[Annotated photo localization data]
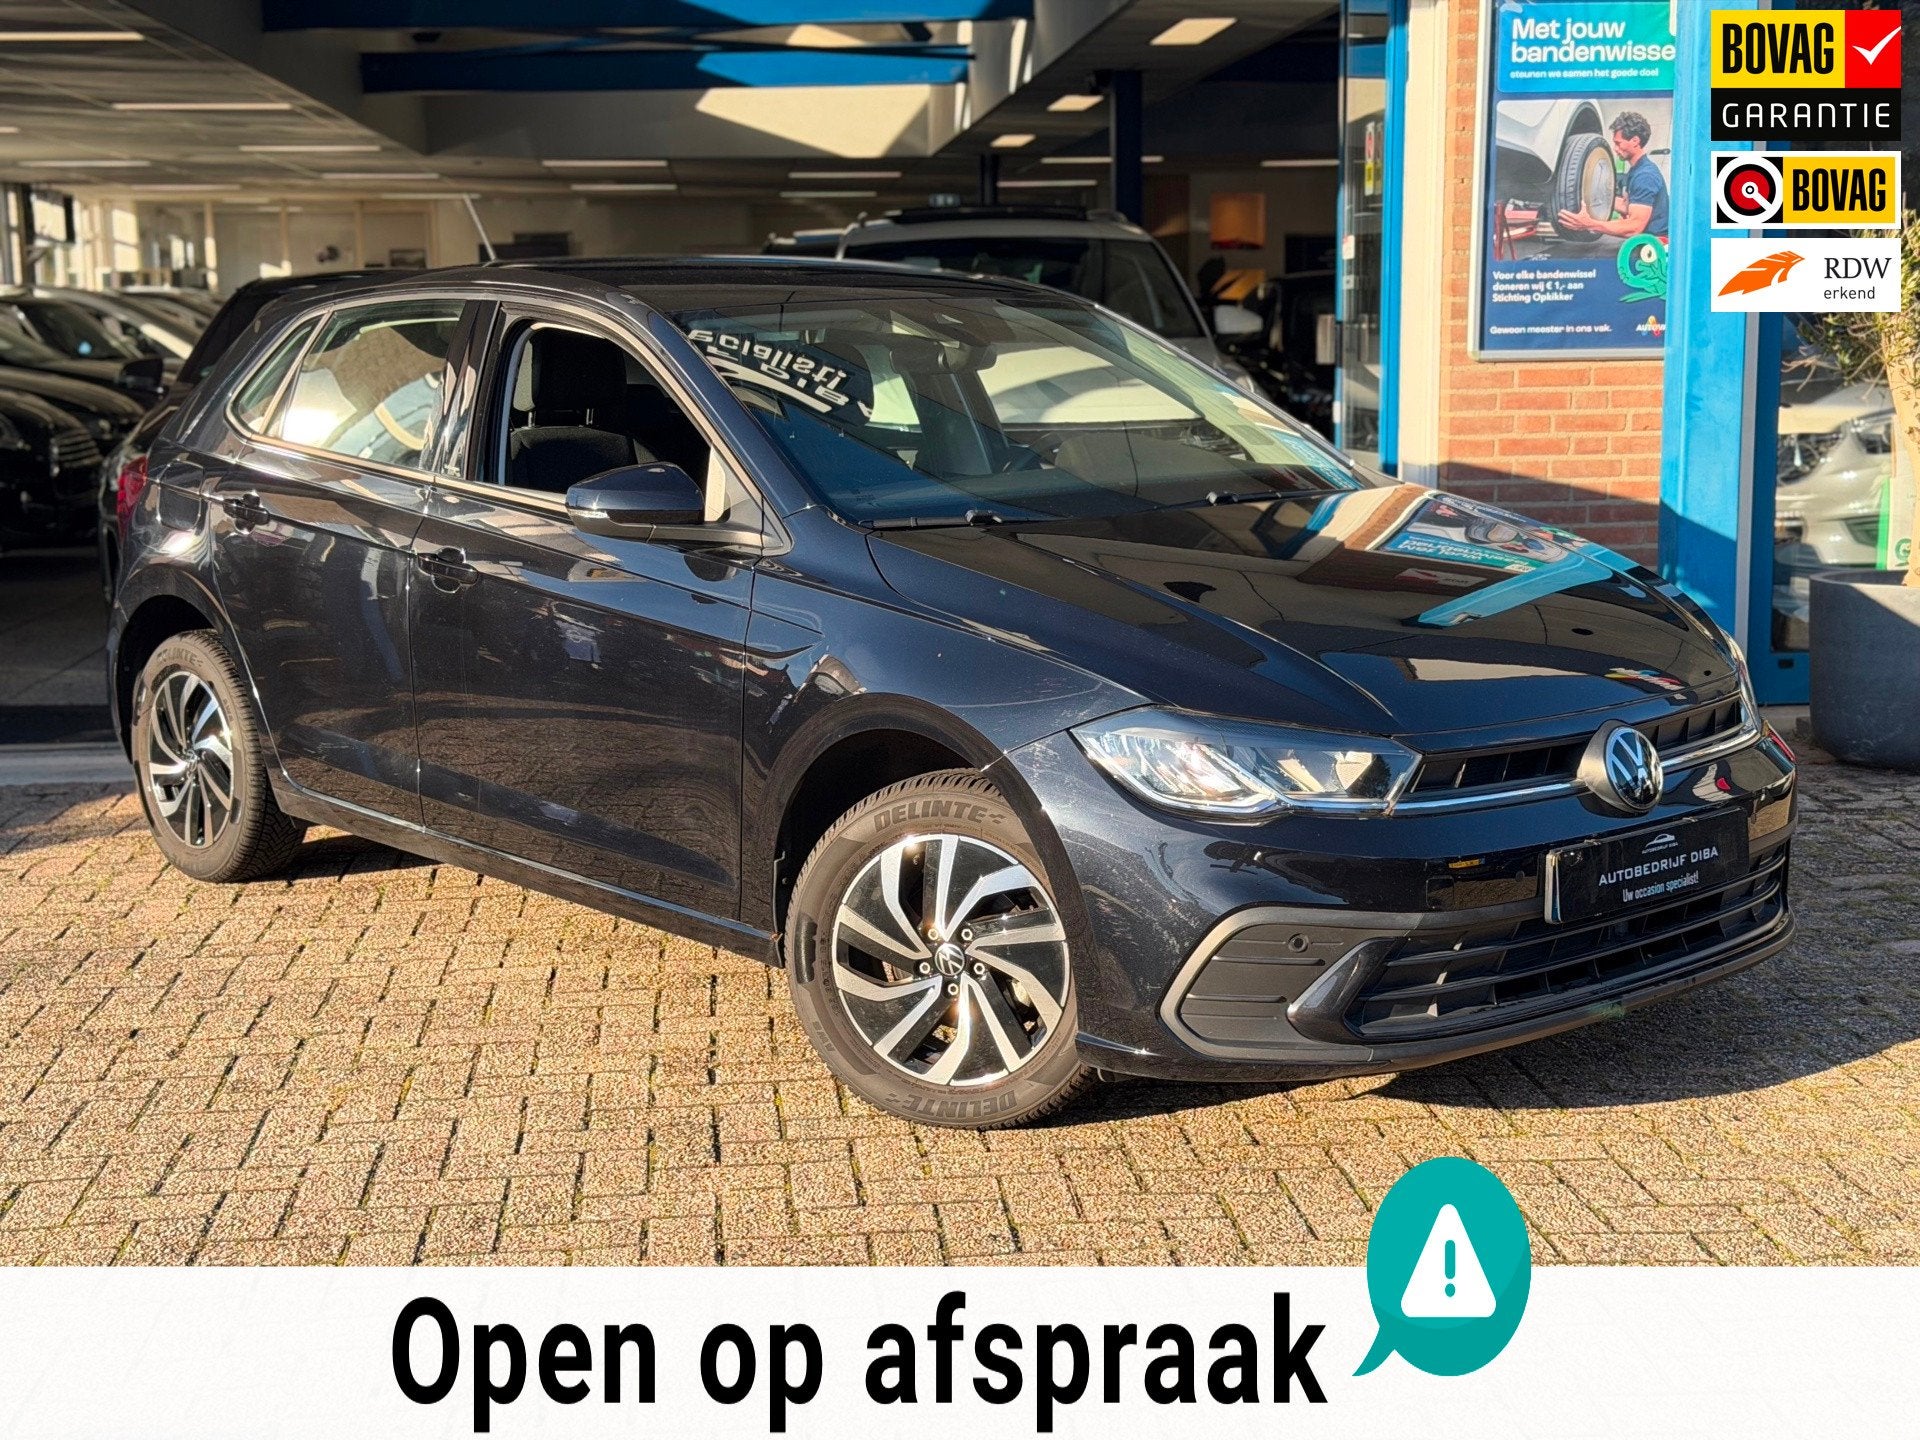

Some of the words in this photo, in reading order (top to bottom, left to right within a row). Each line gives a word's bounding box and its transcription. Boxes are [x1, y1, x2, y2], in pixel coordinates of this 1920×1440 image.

[1512, 18, 1561, 39] Met
[1562, 17, 1626, 45] jouw
[1510, 70, 1547, 79] steunen
[1562, 70, 1593, 78] samen
[1594, 68, 1610, 78] het
[1610, 68, 1638, 79] goede
[1639, 68, 1659, 77] doel
[1492, 271, 1514, 280] Voor
[1515, 270, 1535, 280] elke
[1536, 269, 1597, 279] bandenwissel
[1492, 282, 1530, 291] doneren
[1531, 282, 1545, 292] wij
[1567, 282, 1584, 290] aan
[1492, 292, 1531, 303] Stichting
[1532, 292, 1574, 302] Opkikker
[1489, 325, 1526, 335] Gewoon
[1527, 324, 1564, 334] meester
[1565, 324, 1575, 333] in
[1575, 325, 1592, 333] ons
[1593, 323, 1613, 333] vak.
[874, 800, 988, 833] DELINTE
[1598, 853, 1688, 886] AUTOBEDRIJF
[1690, 846, 1719, 863] DIBA
[1622, 888, 1634, 903] Uw
[1634, 882, 1665, 899] occasion
[1665, 870, 1699, 893] specialist!
[904, 1090, 1018, 1119] DELINTE
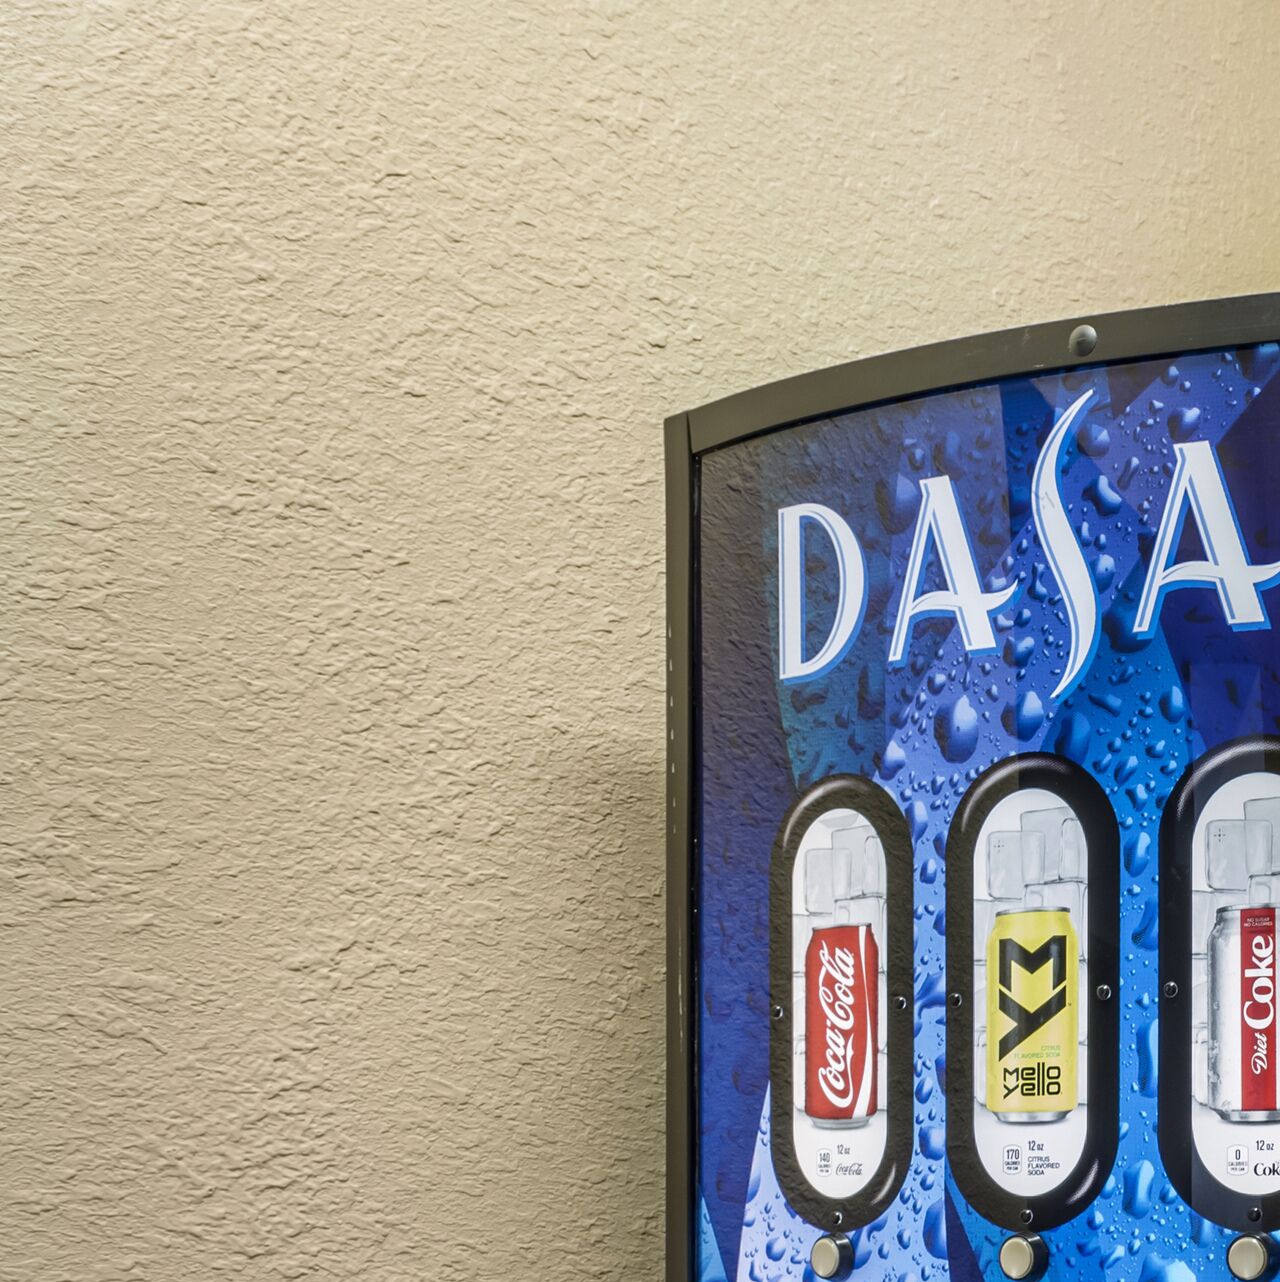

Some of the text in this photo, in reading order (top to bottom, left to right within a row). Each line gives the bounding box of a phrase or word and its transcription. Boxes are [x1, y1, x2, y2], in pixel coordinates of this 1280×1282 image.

[817, 938, 856, 1109] Coca-Cola
[1243, 934, 1275, 1075] Diet Coke
[1006, 1149, 1020, 1160] 170
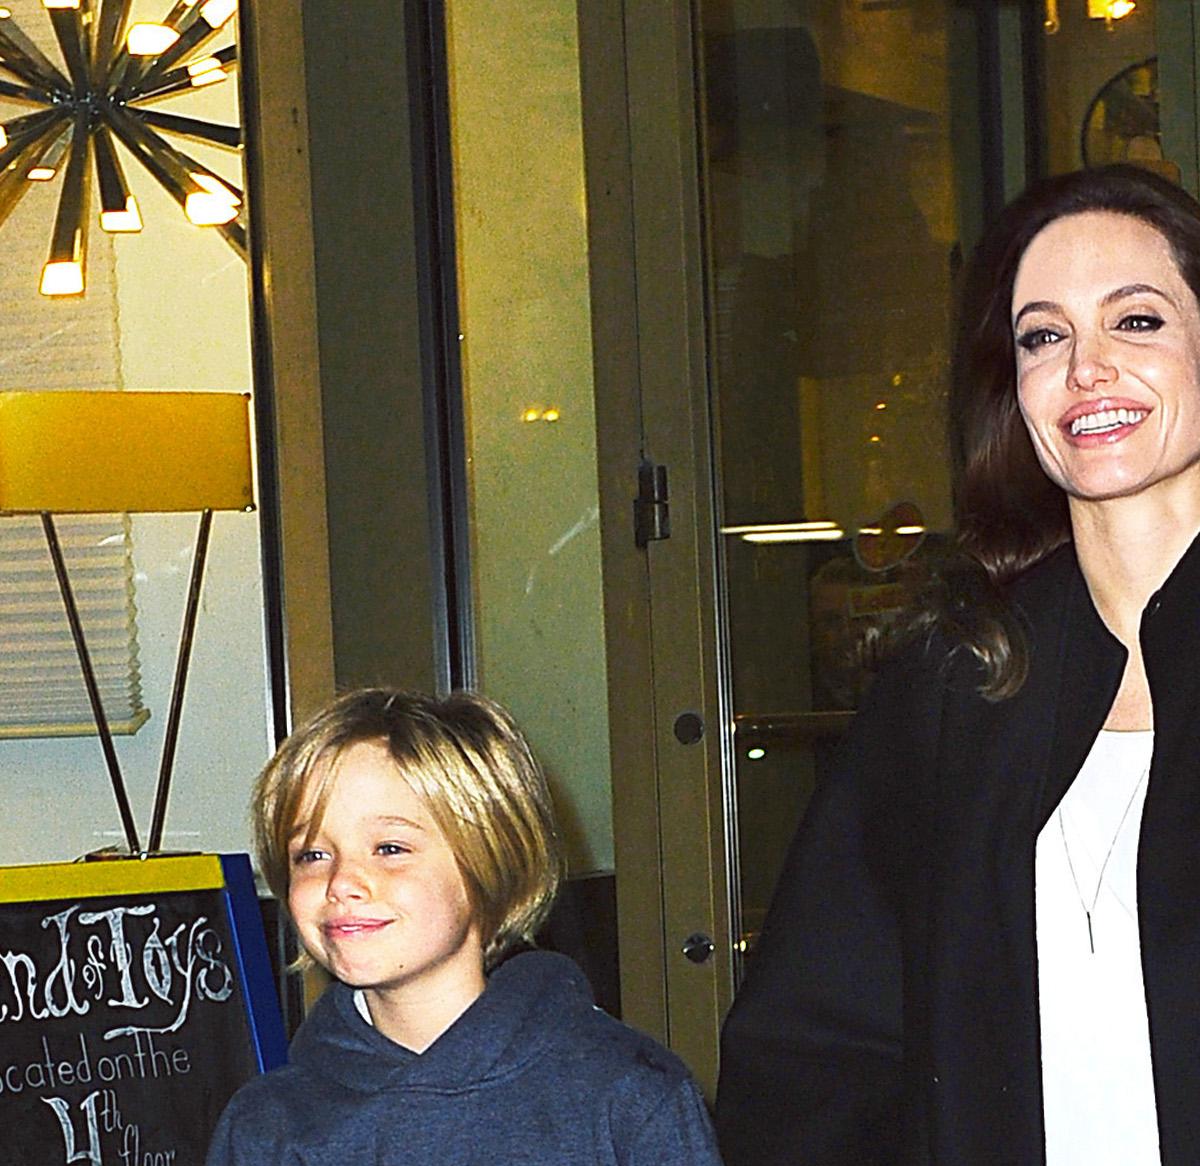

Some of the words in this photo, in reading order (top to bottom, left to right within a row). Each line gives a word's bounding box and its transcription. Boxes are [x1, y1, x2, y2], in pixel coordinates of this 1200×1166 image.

[0, 903, 90, 1022] nd
[78, 903, 233, 1041] Toys
[82, 934, 106, 1000] of

Assignment - From the line containing "this 1200×1166 image." down to the last line of the data above, copy every line exactly; leave out all other lines.

Answer -
Some of the words in this photo, in reading order (top to bottom, left to right within a row). Each line gives a word's bounding box and its transcription. Boxes are [x1, y1, x2, y2], in pixel coordinates of this 1200×1166 image.

[0, 903, 90, 1022] nd
[78, 903, 233, 1041] Toys
[82, 934, 106, 1000] of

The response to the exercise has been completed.